Reliable reports indicate that the world loses 5% of its total GDP to fraud. The measurable amount of that Five Percent is about 3.5 trillion US dollars. Among these fraudulent practices, misappropriation of companies assets is undoubtedly taking the lead, quite above corruption.

Petty theft and uncontrollable robbery cases in Ghana, Africa and other continents contribute to this huge financial loss. It is clearly telling us that we are our own enemies, and a selfish action of a single person can cause a great harm to millions of people around the globe. That is why many forensic experts and fraud examiners are trying so hard to reduce the number, through rigorous internal control and other key external control measures, which are particularly preventive in nature.

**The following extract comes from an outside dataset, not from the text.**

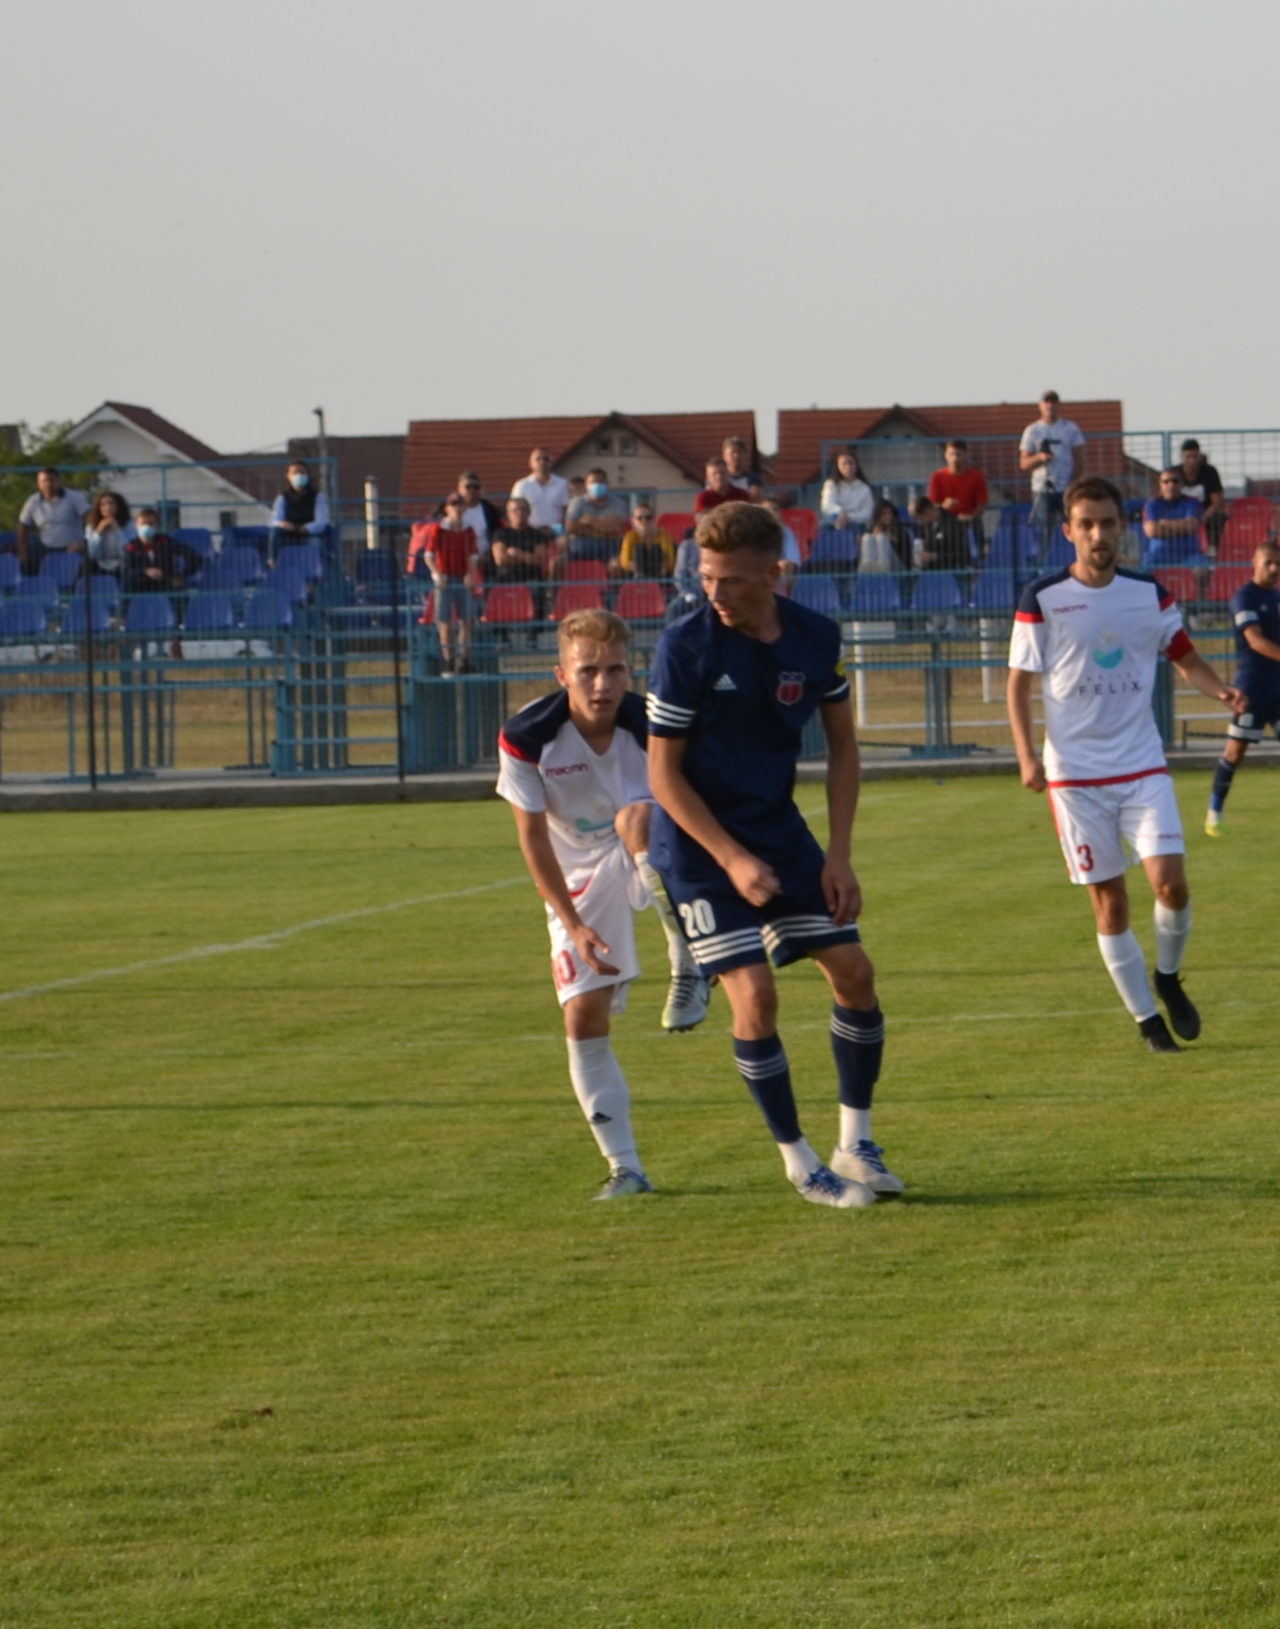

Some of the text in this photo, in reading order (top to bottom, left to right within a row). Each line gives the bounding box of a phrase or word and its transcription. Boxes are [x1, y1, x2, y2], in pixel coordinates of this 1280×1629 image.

[1078, 681, 1142, 696] FELIX
[1077, 843, 1094, 872] 3
[677, 898, 717, 939] 20

Admittedly, Ghana is gradually losing her fight against many predators and accidental fraudsters in the country. The scary nature of armed robbery is very alarming and heartbreaking, and if care if not taken, they will soon take over the major cities, similar to what happened in the 1980s.

During those times, it took one man, Jerry John Rawlings to take an entrenched decision to address the menace in the Ghanaian society. He realized that these wicked and heartless robbers were so much interested in killing innocent civilians, and getting away with their hard-earned monies. Not only that, foreigners were also pursued, chased, brutalized, shot and killed without any mercy. 

The man who came, saw and conquered then decided to criminalize armed and and murder in a very hard way. It was indeed the most strictest and 'craziest' law the country ever had.

He passed over 270 death sentences, and led in the execution of 100 of them. A greater percentage of those sentences was justified in law, by the National Public Tribunal, in consultation with the presidency. 

The execution were done by the Firing Squad of the Anti-Armed Robbery Squad, with order from the Special Police Officers.

Meanwhile, this law (National Public Tribunal) was abolished in July 1993 after the passage of the Courts Act No. 459 of 1993, under the 1992 Constitution of Ghana.

Content created and supplied by: Ghana'sthirdeye (via Opera News )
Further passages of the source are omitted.